▶ TASK STATEMENT: When you return the material, keep every line exactly as it is and omit the pictures.

• • • • •

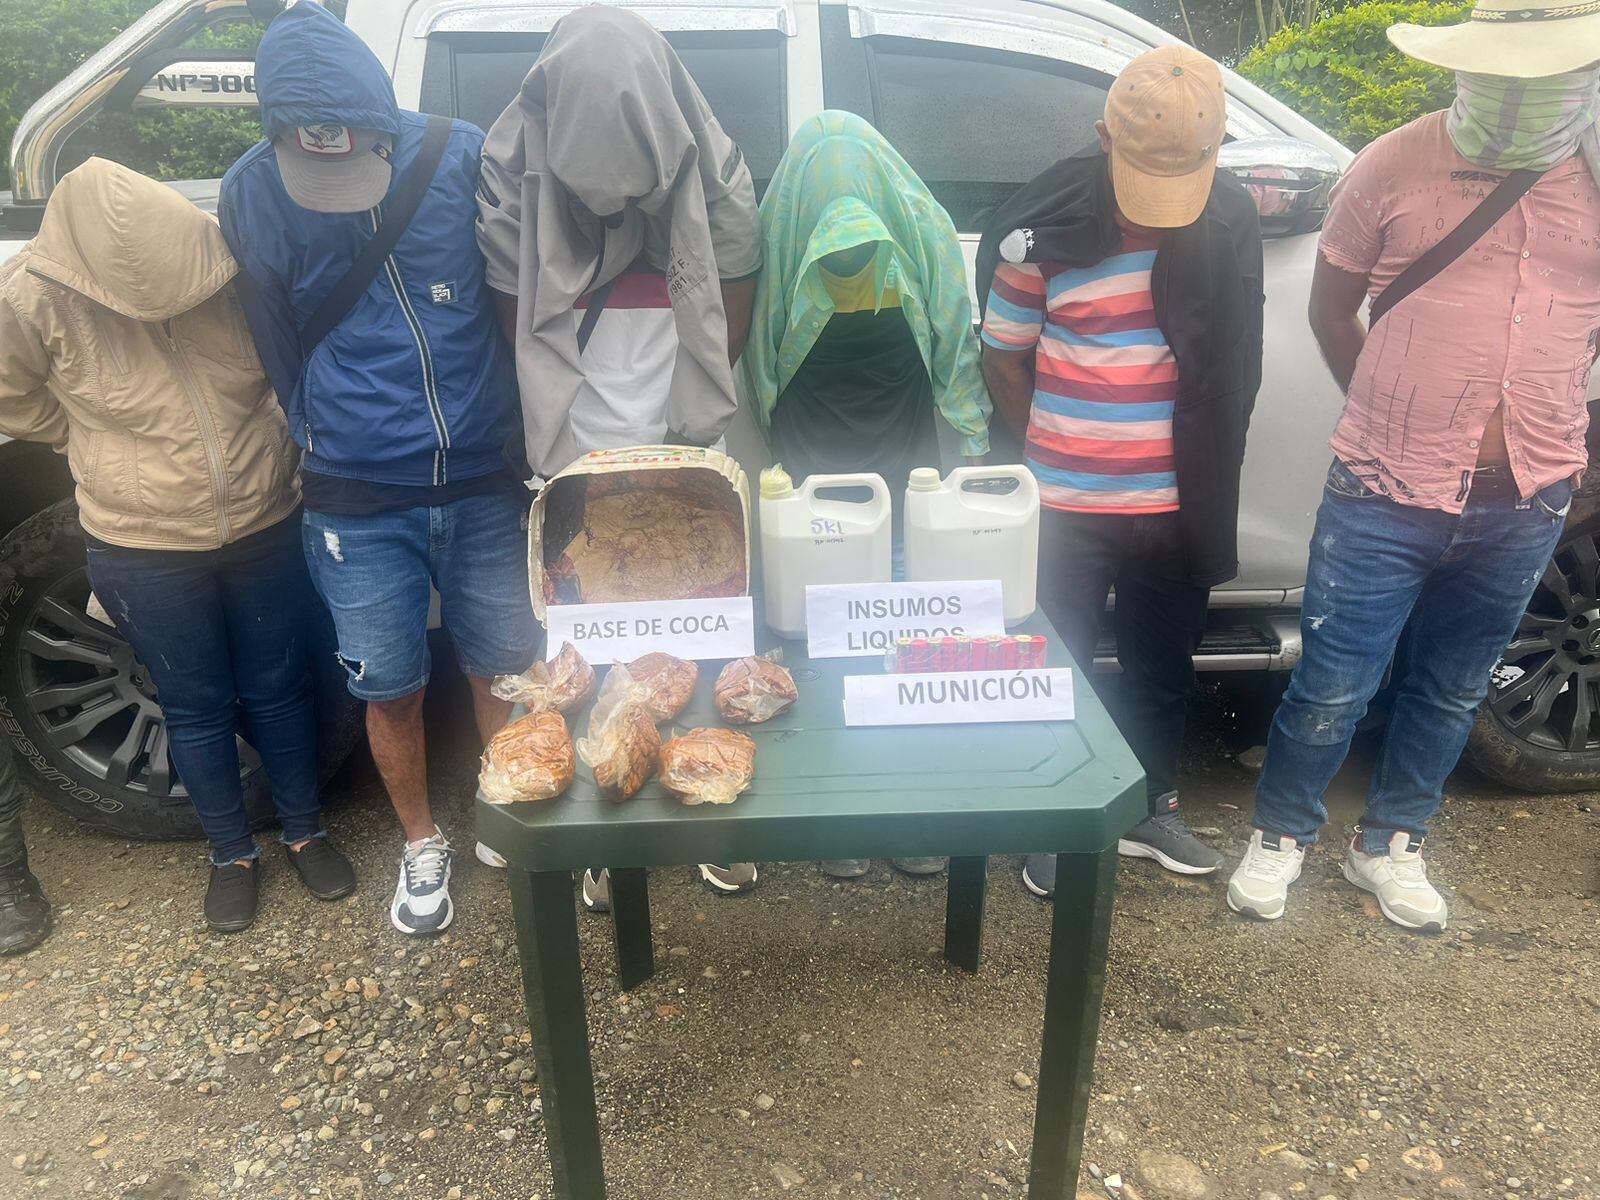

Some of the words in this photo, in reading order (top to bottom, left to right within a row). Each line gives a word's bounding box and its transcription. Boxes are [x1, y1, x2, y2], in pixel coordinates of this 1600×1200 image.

[848, 596, 962, 619] INSUMOS
[573, 620, 628, 640] BASE
[635, 618, 662, 636] DE
[669, 615, 729, 635] COCA
[897, 670, 1052, 705] MUNICIÓN

• • • • •

▶ EXERCISE RESULT:
Some of the words in this photo, in reading order (top to bottom, left to right within a row). Each line gives a word's bounding box and its transcription. Boxes are [x1, y1, x2, y2], in pixel coordinates of this 1600×1200 image.

[848, 596, 962, 619] INSUMOS
[573, 620, 628, 640] BASE
[635, 618, 662, 636] DE
[669, 615, 729, 635] COCA
[897, 670, 1052, 705] MUNICIÓN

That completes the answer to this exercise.